Father, I need you in ways I didn't know I'd need you when you gave me these daughters. I trust You completely! I thank you for them. Thank you for being on my team and being so Gracious. I couldn't imagine parenting without You and the Help and Strength that You are and that You freely provide. Thank you for Your Holy Spirit within me! Now, help my broken record to have your Grace Sound!
In Jesus' Name, Amen.

Sunday, June 26, 2011

Victory Run

I've been told to go slow and not very far on my very first run since surgery. So, I tightened my shoelaces (they've been on lax-tie since January) and turned on my ipod. I intentionally did NOT wear my garmin as I did not want to see how slow I would run my very short distance back at it!

My goal was to the entrance of my neighborhood. That's a quarter of a mile.... Wahoo! We're talking big time, here!

On the way out I was paying attention to every bone and joint and muscle in my body. Then a good song came on and I felt myself settle in and a smile crept on my face. It was like some sort of long lost identity was found. I am a runner! Even when I was runner I didn't feel like I was a runner. But here I was in the 100 degree heat mid-summer-day in OK running with a smile on my face.

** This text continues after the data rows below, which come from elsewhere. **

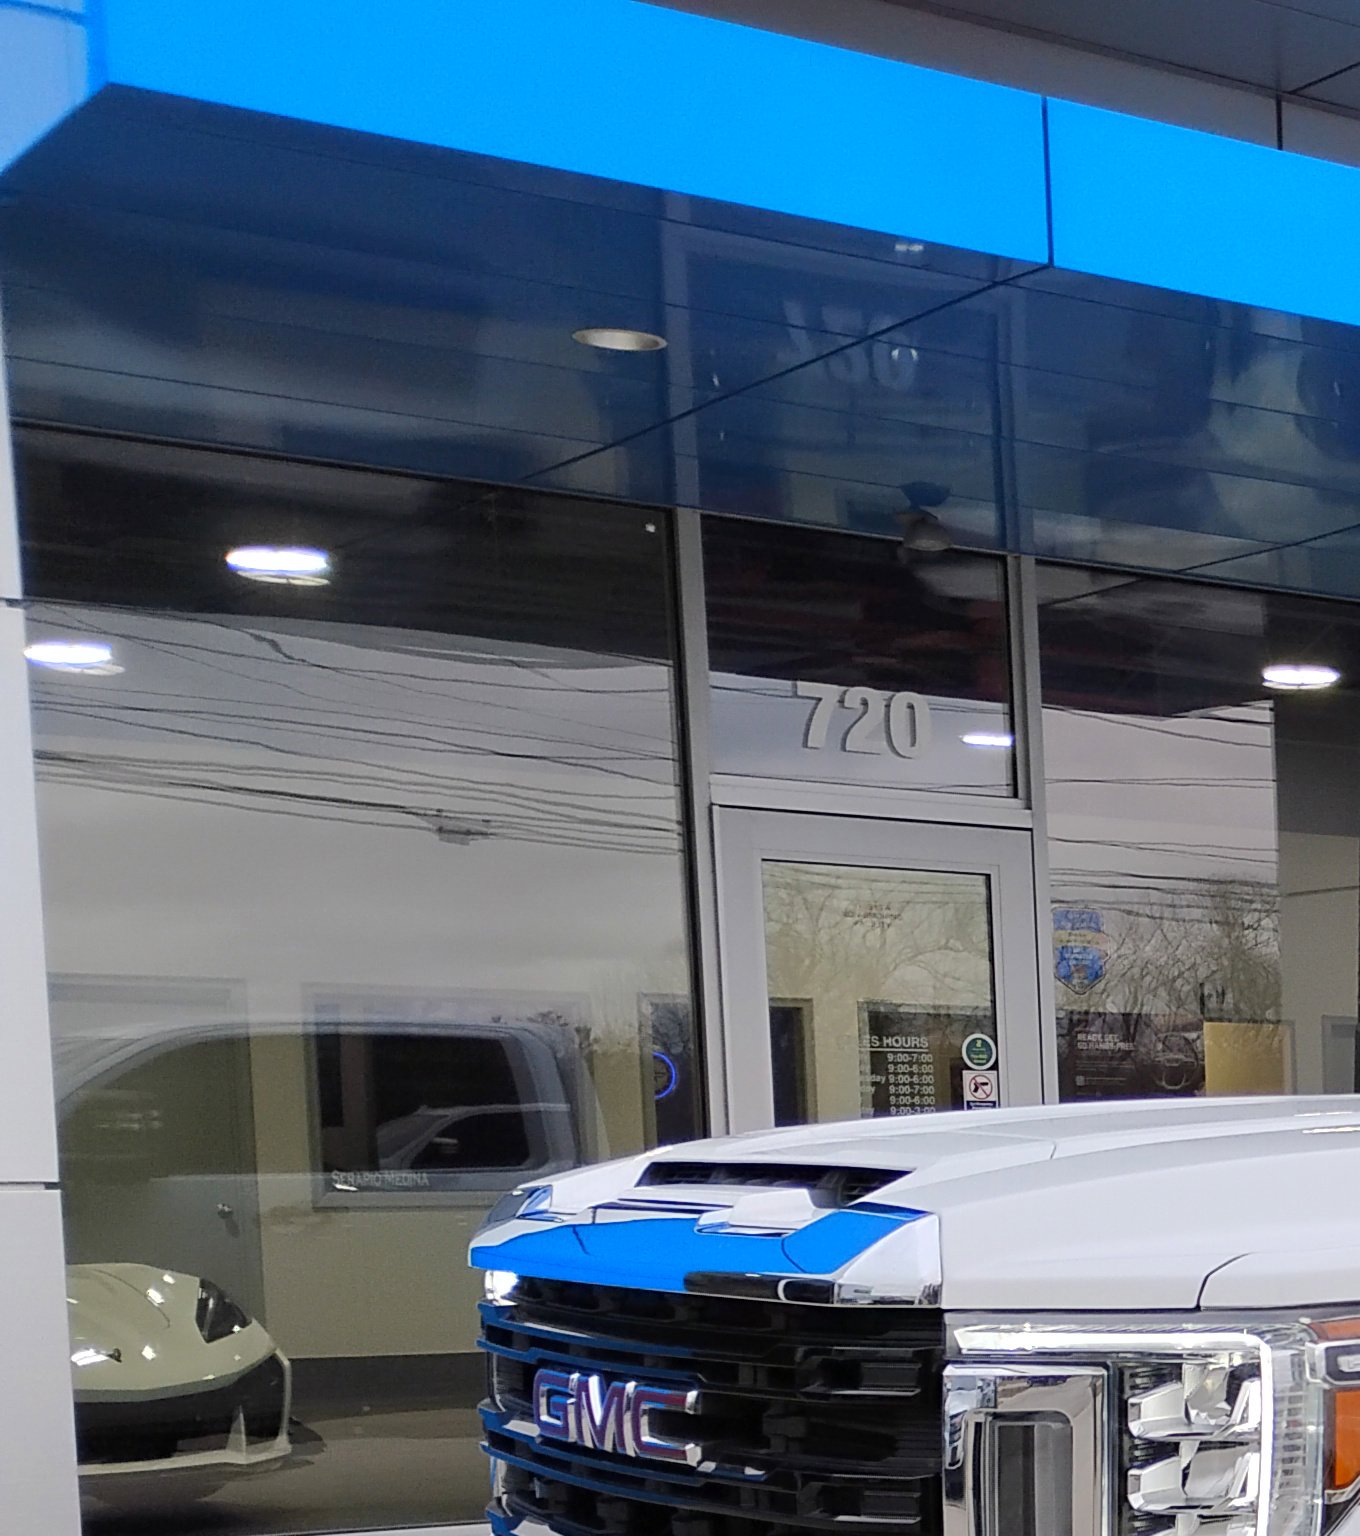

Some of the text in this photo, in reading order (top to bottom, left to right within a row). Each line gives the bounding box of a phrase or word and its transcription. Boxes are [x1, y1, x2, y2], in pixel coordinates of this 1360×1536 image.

[792, 680, 932, 760] 720
[883, 1036, 929, 1048] HOURS
[887, 1053, 933, 1062] 9:00-7:00
[887, 1064, 934, 1073] 9:00-6:00
[888, 1074, 935, 1084] 9:00-6:00
[889, 1085, 935, 1094] 9:00-7:00
[889, 1095, 936, 1105] 9:00-6:00
[890, 1106, 936, 1115] 9:00-3:00
[533, 1368, 702, 1468] GMC

I came back to the house and got my knee brace (that I was supposed to have on in the first place) and headed back out to the entrance of my neighborhood. On my way back, I decided that I could call this almost ONE mile run a victory run because I stopped due to the heat... NOT pain, NOT injury, NOT weakness!!!!

I think I've logged my first run back after injury, surgery and recovery :)

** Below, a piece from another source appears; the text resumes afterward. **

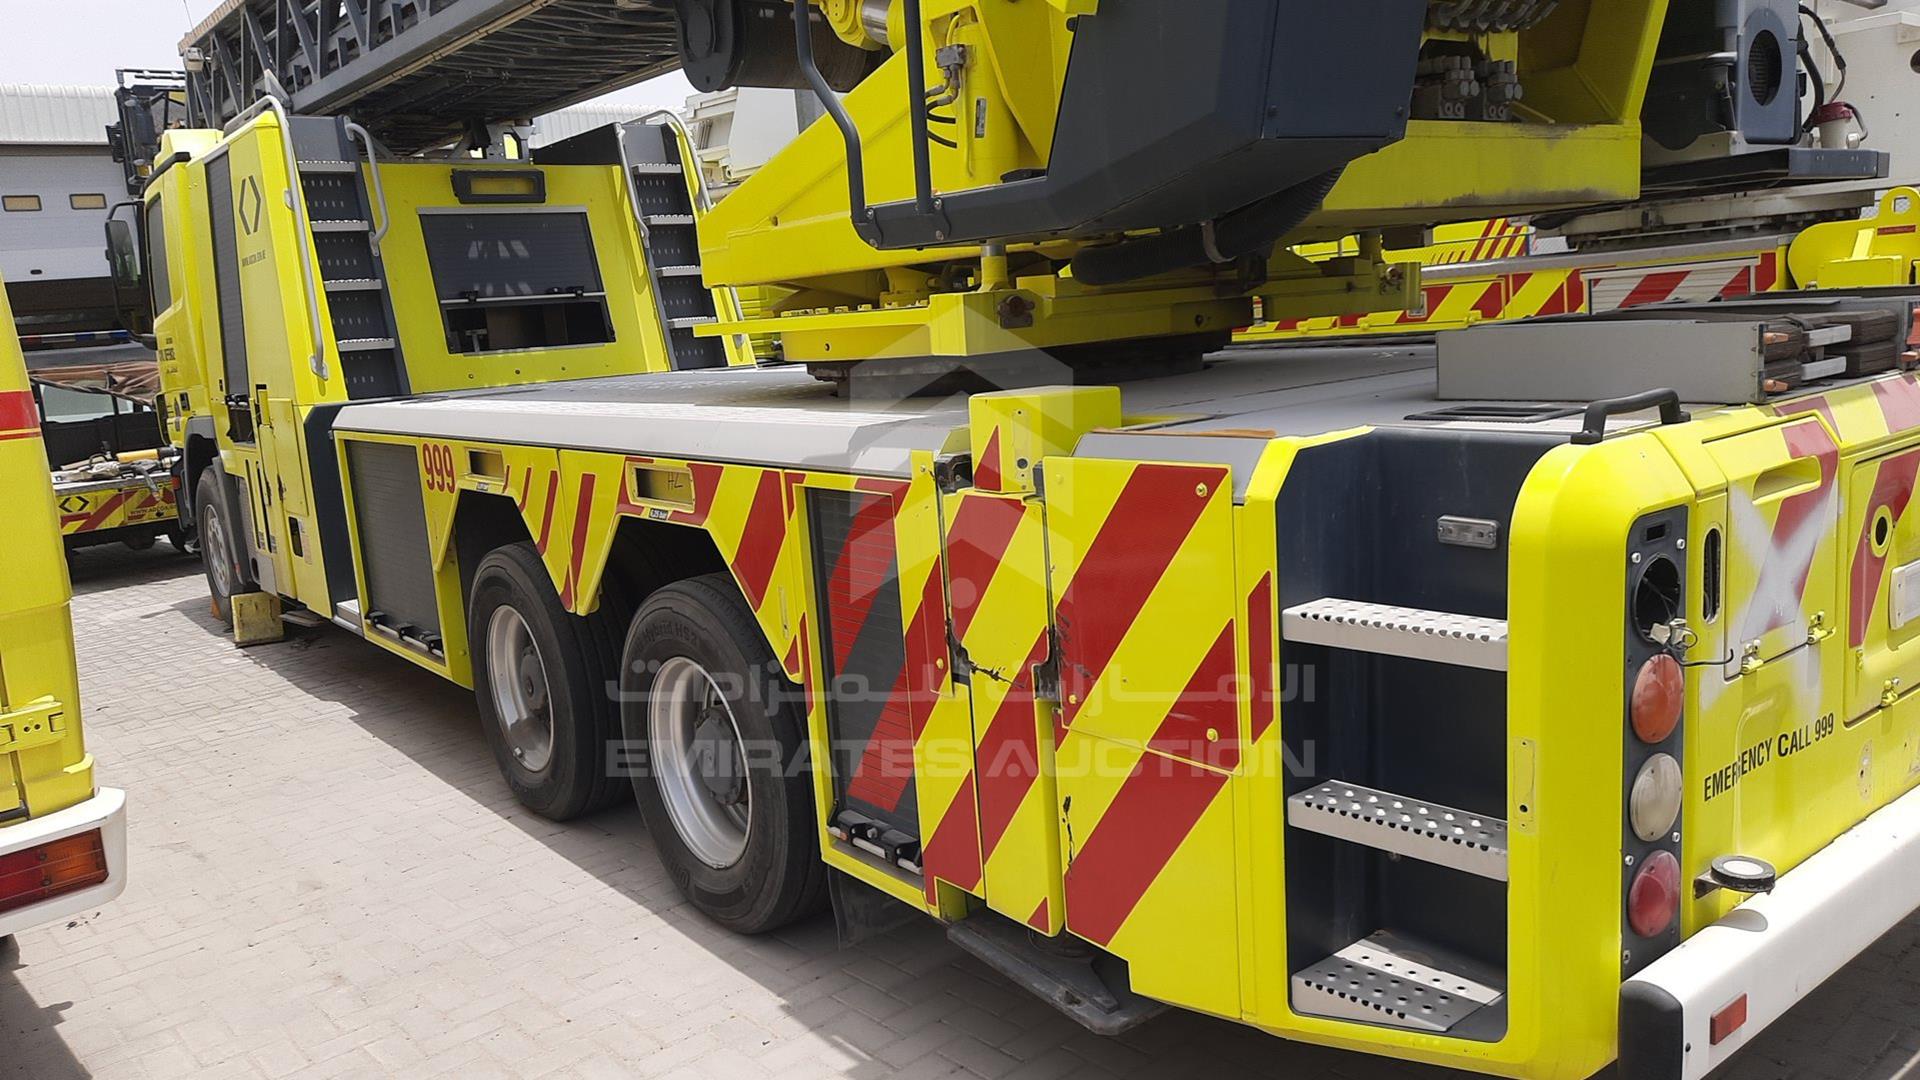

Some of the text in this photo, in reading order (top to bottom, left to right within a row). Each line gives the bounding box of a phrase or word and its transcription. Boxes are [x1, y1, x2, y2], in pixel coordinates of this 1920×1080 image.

[423, 443, 455, 494] 999
[1777, 725, 1811, 757] CALL
[1815, 712, 1834, 742] 999

I feel a little like this:

Monday, June 13, 2011

Look and Learn

I choose to fix my eyes on Jesus. When my total focus is on HIM, He is all I want. He is all I desire. I’m ready for eternity with Him. I’m ready to do His will. I’m ready to be used by Him and my love for Him makes me want to live my life on earth all for His glory. May all see Him and desire Him!

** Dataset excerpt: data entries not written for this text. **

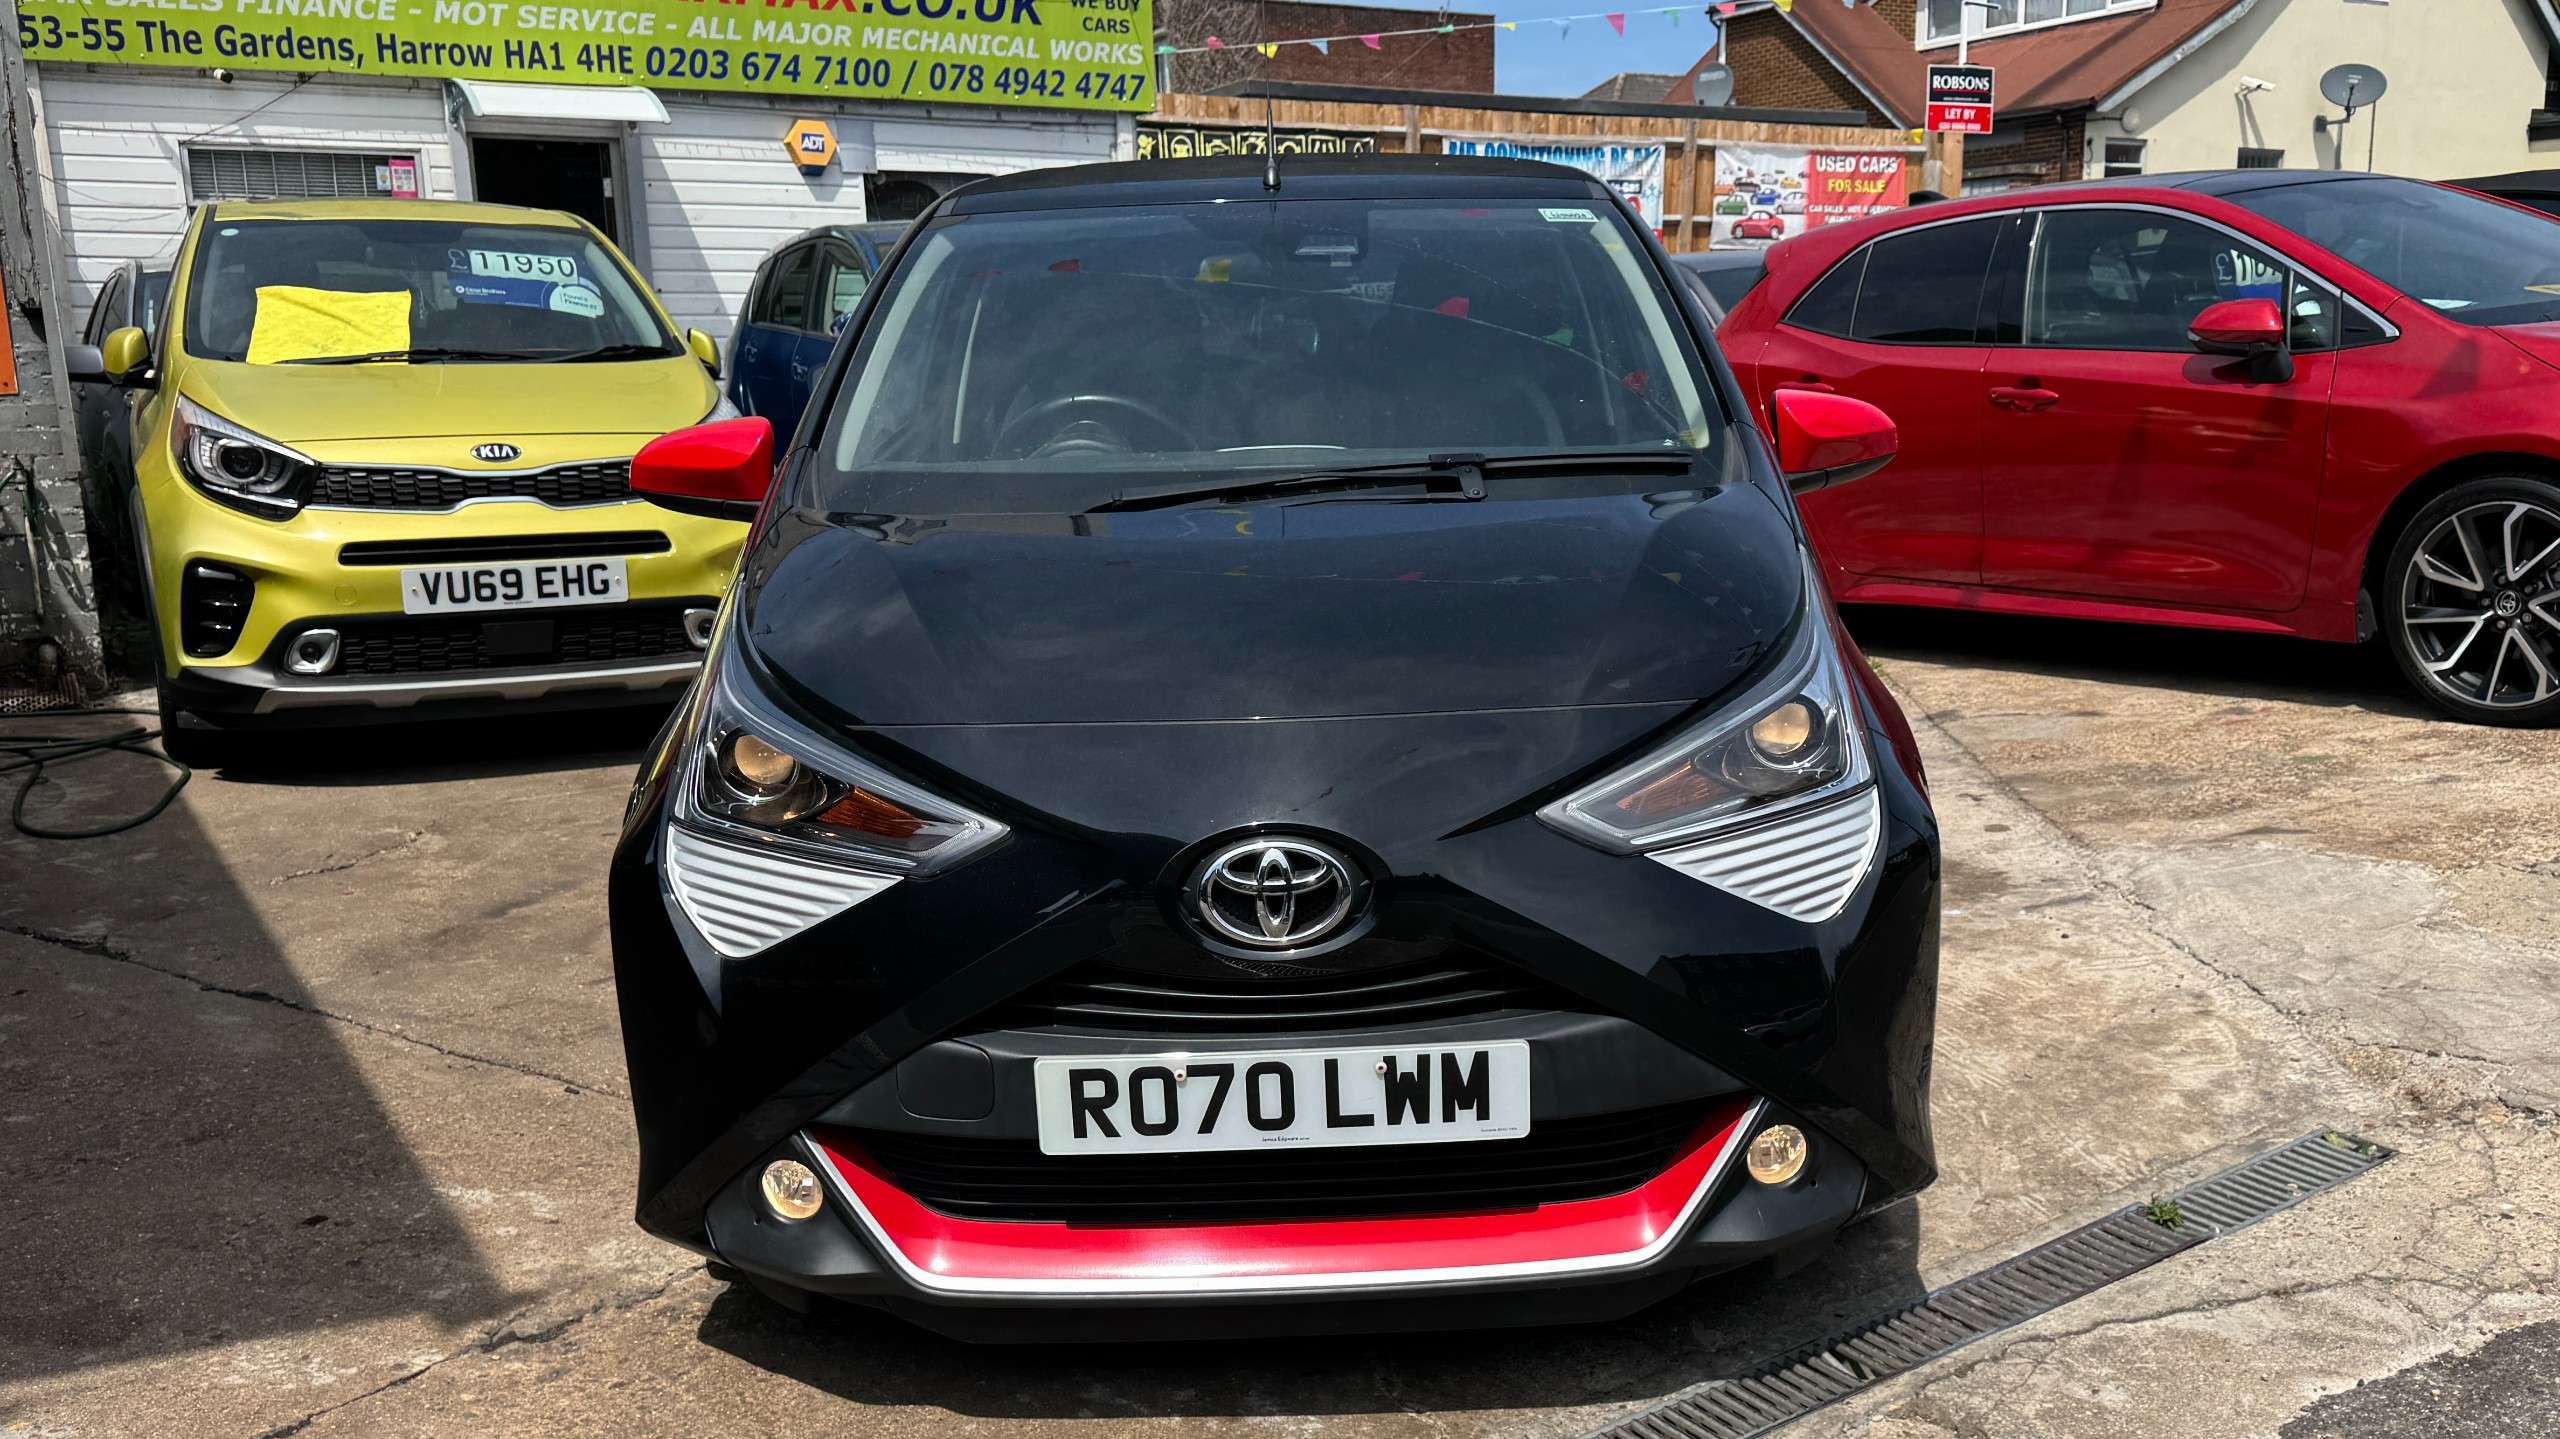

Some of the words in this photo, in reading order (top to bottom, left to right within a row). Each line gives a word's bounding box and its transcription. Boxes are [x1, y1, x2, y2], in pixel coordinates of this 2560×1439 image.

[1105, 0, 1140, 12] BUY
[236, 0, 397, 21] FINANCE
[433, 0, 508, 27] MOT
[517, 5, 656, 35] SERVICE
[687, 16, 742, 40] ALL
[752, 20, 852, 47] MAJOR
[862, 27, 1040, 60] MECHANICAL
[1050, 39, 1145, 65] WORKS
[1082, 16, 1130, 34] CARS
[20, 14, 125, 51] 53-55
[136, 20, 203, 54] The
[214, 24, 363, 69] Gardens,
[376, 33, 492, 67] Harrow
[504, 39, 565, 71] HA1
[577, 43, 634, 75] 4HE
[646, 46, 729, 80] 0203
[741, 52, 801, 83] 674
[814, 56, 891, 88] 7100
[929, 63, 985, 93] 078
[994, 67, 1066, 98] 4942
[1075, 71, 1146, 101] 4747
[1933, 75, 1990, 91] ROBSONS
[1945, 108, 1961, 120] LET
[1963, 109, 1977, 120] BY
[801, 136, 824, 151] ADT
[1816, 155, 1856, 173] USED
[1860, 156, 1898, 174] CARS
[1828, 179, 1852, 193] FOR
[1855, 179, 1886, 193] SALE
[480, 445, 513, 458] KIA
[420, 568, 523, 606] VU69
[536, 563, 610, 600] EHG
[1068, 1061, 1296, 1139] RO70
[1324, 1051, 1490, 1129] LWM

I’ve just finished the first of three books that tell a story about some really bad things that people do. Since I don’t have my hands on the second book in this trilogy I just flipped on the TV in order to have some background noise as I played words with friends on my phone. The news that was broadcasted into my hotel room was so disheartening; I had to stop and think.

The book I read was fiction. The TV was not. It was showing clips of sex scandals with politicians over the years. The lies fell from their lips to cover their shame, and then the next clip was the apology. I listened and realized that they aren’t much different from a lot of the bible characters I’ve read about. It’s sad really to watch the destruction and pain from wrong choices.

I get that wrong choices are where we do most of our learning. But, can we not start to learn from others wrong choices? Now, I’m thinking about my children. Can I not show them numerous mistakes made so that they can learn? As most parents desire to “shelter” their children from hearing and learning things too early, I’m starting to wonder if the more you tell them and share with them now, the more equipped they’ll be for what they will face.

For now, I’ll continue to teach them the truth that comes from my all time favorite hymn:
“Turn your eyes upon Jesus. Look full in His wonderful face. And the things of earth will grow strangely dim in the light of His glory and grace.”